How Rising Oil Prices Are Obliterating America's Superpower Status

by Michael T Klare

Published by TomDispatch.com (May 09 2008)


Nineteen years ago, the fall of the Berlin Wall effectively eliminated
the Soviet Union as the world's other superpower. Yes, the USSR as a
political entity stumbled on for another two years, but it was clearly
an ex-superpower from the moment it lost control over its satellites in
Eastern Europe.

Less than a month ago, the United States similarly lost its claim to
superpower status when a barrel crude oil roared past $110 on the
international market, gasoline prices crossed the $3.50 threshold at
American pumps, and diesel fuel topped $4.00. As was true of the USSR
following the dismantling of the Berlin Wall, the USA will no doubt
continue to stumble on like the superpower it once was; but as the
nation's economy continues to be eviscerated to pay for its daily oil
fix, it, too, will be seen by increasing numbers of savvy observers as
an ex-superpower-in-the-making.

That the fall of the Berlin Wall spelled the erasure of the Soviet
Union's superpower status was obvious to international observers at the
time. After all, the USSR visibly ceased to exercise dominion over an
empire (and an associated military-industrial complex) encompassing
nearly half of Europe and much of Central Asia. The relationship between
rising oil prices and the obliteration of America's superpower status
is, however, hardly as self-evident. So let's consider the connection.


Dry Hole Superpower

The fact is, America's wealth and power has long rested on the abundance
of cheap petroleum. The United States was, for a long time, the world's
leading producer of oil, supplying its own needs while generating a
healthy surplus for export.

Oil was the basis for the rise of the first giant multinational
corporations in the US, notably John D Rockefeller's Standard Oil
Company (now reconstituted as Exxon Mobil, the world's wealthiest
publicly-traded corporation). Abundant, exceedingly affordable petroleum
was also responsible for the emergence of the American automotive and
trucking industries, the flourishing of the domestic airline industry,
the development of the petrochemical and plastics industries, the
suburbanization of America, and the mechanization of its agriculture.
Without cheap and abundant oil, the United States would never have
experienced the historic economic expansion of the post-World War II era.

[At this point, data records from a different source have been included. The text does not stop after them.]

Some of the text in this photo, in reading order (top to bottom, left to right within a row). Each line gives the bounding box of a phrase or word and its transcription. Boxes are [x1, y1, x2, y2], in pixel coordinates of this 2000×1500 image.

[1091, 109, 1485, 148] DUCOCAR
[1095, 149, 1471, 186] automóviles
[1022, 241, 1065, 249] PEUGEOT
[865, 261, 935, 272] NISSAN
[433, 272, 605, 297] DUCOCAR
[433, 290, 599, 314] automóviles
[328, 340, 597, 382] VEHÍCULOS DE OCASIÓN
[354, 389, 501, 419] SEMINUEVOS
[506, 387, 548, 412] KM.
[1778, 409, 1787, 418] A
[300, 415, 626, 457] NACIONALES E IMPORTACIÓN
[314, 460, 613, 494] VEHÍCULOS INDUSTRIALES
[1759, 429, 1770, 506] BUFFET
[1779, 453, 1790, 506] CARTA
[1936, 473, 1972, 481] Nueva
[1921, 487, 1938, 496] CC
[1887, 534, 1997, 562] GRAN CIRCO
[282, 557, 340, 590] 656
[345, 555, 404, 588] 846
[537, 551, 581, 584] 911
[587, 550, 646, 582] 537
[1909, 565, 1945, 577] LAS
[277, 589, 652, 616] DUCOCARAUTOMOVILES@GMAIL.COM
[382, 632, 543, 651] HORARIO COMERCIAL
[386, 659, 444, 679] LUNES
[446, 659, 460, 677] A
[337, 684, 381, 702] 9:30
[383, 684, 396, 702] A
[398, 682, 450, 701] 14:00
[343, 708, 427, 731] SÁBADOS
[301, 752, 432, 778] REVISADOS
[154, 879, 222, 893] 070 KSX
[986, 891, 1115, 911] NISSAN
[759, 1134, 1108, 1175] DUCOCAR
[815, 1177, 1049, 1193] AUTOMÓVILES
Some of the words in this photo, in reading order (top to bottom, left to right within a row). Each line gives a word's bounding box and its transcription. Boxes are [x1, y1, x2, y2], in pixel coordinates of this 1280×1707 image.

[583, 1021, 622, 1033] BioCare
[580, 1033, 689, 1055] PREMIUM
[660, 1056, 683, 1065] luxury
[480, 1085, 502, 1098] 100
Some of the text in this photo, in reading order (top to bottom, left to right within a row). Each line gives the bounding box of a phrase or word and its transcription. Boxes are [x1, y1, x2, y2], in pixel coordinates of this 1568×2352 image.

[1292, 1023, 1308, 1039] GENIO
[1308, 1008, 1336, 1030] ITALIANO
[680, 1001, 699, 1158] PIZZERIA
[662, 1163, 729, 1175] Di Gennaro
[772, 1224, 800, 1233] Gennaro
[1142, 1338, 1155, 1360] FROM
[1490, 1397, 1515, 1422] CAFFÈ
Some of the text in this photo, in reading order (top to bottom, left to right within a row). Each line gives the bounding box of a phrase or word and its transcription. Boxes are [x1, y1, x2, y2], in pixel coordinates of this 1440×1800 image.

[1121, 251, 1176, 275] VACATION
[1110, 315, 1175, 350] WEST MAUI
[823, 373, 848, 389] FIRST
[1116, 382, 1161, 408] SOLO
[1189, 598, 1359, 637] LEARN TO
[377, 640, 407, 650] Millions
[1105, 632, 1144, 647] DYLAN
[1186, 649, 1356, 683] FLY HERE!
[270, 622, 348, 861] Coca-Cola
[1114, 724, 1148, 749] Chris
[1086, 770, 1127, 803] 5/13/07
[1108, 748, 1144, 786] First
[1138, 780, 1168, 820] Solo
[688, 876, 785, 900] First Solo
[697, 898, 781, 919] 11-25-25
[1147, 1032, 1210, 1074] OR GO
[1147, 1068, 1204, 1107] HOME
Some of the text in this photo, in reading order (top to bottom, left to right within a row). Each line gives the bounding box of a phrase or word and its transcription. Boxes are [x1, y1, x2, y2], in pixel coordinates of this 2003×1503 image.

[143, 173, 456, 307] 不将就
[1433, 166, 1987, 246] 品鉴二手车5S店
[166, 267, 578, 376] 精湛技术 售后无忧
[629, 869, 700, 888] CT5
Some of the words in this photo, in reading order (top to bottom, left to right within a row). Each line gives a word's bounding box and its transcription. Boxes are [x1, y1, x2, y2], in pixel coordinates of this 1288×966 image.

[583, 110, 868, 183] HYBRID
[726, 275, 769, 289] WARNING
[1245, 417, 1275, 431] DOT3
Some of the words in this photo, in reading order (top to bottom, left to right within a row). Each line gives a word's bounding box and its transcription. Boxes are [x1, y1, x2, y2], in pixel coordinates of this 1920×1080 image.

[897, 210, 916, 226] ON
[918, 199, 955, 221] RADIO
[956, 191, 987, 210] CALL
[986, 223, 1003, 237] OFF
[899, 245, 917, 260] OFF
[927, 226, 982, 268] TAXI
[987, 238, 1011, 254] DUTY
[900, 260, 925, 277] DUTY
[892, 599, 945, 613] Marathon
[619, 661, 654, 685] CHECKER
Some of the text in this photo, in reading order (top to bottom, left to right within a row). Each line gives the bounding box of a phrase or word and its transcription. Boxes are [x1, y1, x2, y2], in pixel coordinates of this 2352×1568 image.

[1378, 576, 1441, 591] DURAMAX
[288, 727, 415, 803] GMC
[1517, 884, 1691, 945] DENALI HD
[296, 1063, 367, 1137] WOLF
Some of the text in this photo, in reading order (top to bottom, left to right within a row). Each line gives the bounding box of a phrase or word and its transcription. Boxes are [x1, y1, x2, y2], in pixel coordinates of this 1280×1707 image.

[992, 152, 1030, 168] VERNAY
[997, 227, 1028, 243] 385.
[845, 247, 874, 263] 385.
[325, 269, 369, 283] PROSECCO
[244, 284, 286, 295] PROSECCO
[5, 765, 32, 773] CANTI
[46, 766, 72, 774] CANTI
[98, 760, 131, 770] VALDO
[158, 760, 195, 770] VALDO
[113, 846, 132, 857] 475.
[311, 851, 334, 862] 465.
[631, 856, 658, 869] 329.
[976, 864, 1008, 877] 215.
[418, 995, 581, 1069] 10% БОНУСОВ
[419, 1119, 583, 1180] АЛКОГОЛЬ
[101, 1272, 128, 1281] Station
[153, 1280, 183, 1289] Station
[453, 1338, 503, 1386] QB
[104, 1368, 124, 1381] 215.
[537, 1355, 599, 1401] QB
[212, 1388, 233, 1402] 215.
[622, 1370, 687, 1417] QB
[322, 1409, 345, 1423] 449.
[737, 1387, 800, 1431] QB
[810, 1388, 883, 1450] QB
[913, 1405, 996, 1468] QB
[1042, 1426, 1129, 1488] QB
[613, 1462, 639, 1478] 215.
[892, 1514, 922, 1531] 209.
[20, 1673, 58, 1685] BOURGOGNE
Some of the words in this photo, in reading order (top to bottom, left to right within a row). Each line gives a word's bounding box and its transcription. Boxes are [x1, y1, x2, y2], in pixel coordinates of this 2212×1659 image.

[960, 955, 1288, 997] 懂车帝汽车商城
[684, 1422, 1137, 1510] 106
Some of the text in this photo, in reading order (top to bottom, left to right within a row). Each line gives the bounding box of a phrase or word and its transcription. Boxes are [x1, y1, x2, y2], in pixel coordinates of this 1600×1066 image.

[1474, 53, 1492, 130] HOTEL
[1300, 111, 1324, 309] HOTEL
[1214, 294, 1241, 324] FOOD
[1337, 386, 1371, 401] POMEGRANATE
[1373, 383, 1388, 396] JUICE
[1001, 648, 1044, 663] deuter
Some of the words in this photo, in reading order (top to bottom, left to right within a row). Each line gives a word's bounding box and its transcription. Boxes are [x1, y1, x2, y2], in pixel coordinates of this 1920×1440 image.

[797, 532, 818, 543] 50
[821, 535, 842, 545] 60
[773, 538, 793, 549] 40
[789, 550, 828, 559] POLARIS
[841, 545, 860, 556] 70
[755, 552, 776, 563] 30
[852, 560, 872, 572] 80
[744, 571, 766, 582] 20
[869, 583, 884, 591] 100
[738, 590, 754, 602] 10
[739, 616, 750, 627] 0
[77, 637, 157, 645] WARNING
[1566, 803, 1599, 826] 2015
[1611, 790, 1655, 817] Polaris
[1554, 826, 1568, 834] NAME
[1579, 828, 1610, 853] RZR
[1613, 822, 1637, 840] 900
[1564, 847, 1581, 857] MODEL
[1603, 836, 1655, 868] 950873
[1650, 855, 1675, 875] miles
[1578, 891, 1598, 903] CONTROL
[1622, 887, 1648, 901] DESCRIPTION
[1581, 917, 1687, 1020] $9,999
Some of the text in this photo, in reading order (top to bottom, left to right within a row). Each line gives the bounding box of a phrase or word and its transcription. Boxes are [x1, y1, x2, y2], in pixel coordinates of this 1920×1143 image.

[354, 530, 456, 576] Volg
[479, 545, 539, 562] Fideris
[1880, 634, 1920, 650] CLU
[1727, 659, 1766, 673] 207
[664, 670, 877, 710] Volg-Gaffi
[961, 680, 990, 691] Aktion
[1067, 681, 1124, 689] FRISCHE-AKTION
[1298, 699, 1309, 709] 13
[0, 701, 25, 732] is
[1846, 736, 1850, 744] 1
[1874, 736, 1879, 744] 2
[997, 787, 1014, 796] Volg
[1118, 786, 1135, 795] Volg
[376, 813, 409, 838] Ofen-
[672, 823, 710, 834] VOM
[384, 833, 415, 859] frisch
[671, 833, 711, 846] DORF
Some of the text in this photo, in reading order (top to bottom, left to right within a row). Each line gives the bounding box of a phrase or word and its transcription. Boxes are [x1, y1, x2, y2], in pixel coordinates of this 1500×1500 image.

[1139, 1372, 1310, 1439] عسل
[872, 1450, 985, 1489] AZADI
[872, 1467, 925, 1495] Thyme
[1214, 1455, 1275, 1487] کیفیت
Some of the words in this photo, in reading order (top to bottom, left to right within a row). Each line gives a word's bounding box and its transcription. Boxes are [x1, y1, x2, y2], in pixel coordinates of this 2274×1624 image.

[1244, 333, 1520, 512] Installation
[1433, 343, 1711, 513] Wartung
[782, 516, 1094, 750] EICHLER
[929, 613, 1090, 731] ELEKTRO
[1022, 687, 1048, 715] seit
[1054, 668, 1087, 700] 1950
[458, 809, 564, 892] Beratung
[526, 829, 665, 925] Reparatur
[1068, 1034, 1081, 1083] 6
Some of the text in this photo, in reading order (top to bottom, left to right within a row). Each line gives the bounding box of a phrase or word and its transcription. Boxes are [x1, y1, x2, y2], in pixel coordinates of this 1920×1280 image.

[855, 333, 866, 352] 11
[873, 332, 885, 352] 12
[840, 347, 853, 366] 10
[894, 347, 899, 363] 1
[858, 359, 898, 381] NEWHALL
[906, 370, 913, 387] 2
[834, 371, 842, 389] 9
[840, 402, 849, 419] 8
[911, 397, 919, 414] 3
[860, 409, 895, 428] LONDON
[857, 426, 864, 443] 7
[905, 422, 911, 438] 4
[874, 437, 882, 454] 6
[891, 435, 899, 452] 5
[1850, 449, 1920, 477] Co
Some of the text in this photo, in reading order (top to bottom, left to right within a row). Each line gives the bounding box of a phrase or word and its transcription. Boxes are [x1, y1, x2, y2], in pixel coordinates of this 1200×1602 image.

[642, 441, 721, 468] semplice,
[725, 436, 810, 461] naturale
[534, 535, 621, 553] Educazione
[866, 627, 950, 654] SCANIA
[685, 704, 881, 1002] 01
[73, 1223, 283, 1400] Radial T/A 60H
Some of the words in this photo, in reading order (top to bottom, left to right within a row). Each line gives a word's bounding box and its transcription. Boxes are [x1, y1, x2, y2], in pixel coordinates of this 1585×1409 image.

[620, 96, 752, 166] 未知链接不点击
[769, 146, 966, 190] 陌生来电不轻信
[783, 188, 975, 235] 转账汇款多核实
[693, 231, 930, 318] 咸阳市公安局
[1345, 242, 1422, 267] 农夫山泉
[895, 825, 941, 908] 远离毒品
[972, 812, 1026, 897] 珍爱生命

No less important was the role of abundant petroleum in fueling the
global reach of US military power. For all the talk of America's growing
reliance on computers, advanced sensors, and stealth technology to
prevail in warfare, it has been oil above all that gave the US military
its capacity to "project power" onto distant battlefields like Iraq and
Afghanistan. Every Humvee, tank, helicopter, and jet fighter requires
its daily ration of petroleum, without which America's technology- 
driven military would be forced to abandon the battlefield. No surprise,
then, that the US Department of Defense is the world's single biggest
consumer of petroleum, using more of it every day than the entire nation
of Sweden.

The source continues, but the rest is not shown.